Although many skin diseases may be quickly recognized by their characteristic clinical appearance, simple diagnostic procedures readily provide confirmation of a first impression. These may generally be performed at the bedside or in an office and are often the definitive method of differentiating between morphologically similar skin problems. The importance of developing skill in performing these diagnostic techniques should not be minimized, for even experienced dermatologists routinely confirm a diagnostic impression with a microscopic evaluation and are prepared to consider a working diagnosis on the basis of these tests.

Manipulative Techniques


Performed at the bedside with no tool more complex than the physician's fingertip, the manipulative techniques are helpful adjuncts to dermatologic diagnosis.
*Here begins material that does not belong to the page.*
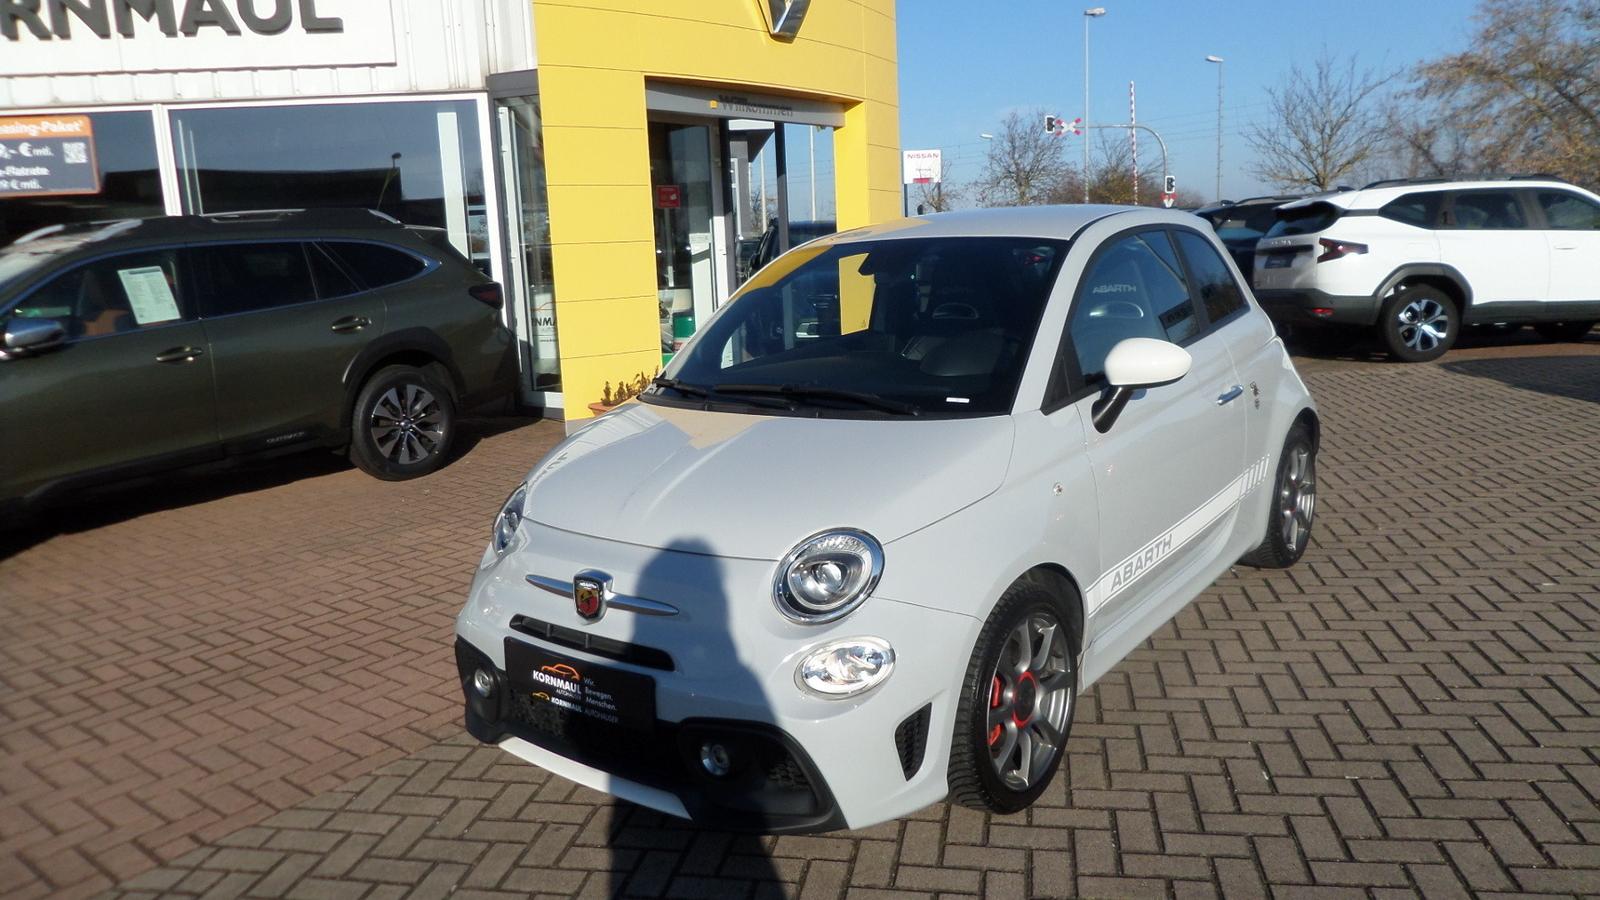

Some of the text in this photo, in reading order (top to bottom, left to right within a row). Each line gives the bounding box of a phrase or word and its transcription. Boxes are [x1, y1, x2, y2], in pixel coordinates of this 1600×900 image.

This technique is a more sophisticated modification of the simplest method for assessing superficial erythema: pressing the fingertip against the skin and withdrawing it quickly to see if blanching occurs. Diascopy is a refinement in which a piece of clear glass or plastic is pressed against the skin while the observer looks directly at the lesion under pressure. The purpose of this procedure is to empty blood from the superficial vessels to determine if skin redness is due to blood within vessels (erythema) or extravasated into the skin (petechiae, purpura). The former will blanch with pressure, the latter will not. By varying the pressure on the skin, vessels can be seen to blanch and fill. The amount of pressure required to blanch a given lesion is variable, but care should be exercised when using a glass microscope slide, lest a sharp edge damage the skin or the slide break under pressure and lacerate the skin. It is probably best to use two glass slides together to minimize this risk.

Clinical Significance

Specific indications for the use of diascopy include: telangiectasia (in which the central "feeder" vessel may be distinguished); petechiae and purpura; superficially dilated veins (venous lake, varicosities); and granulomatous nodules such as sarcoidosis, granuloma annulare, and lupus vulgaris (all three of which will reveal a brownish-yellow "apple jelly" translucent quality upon diascopy).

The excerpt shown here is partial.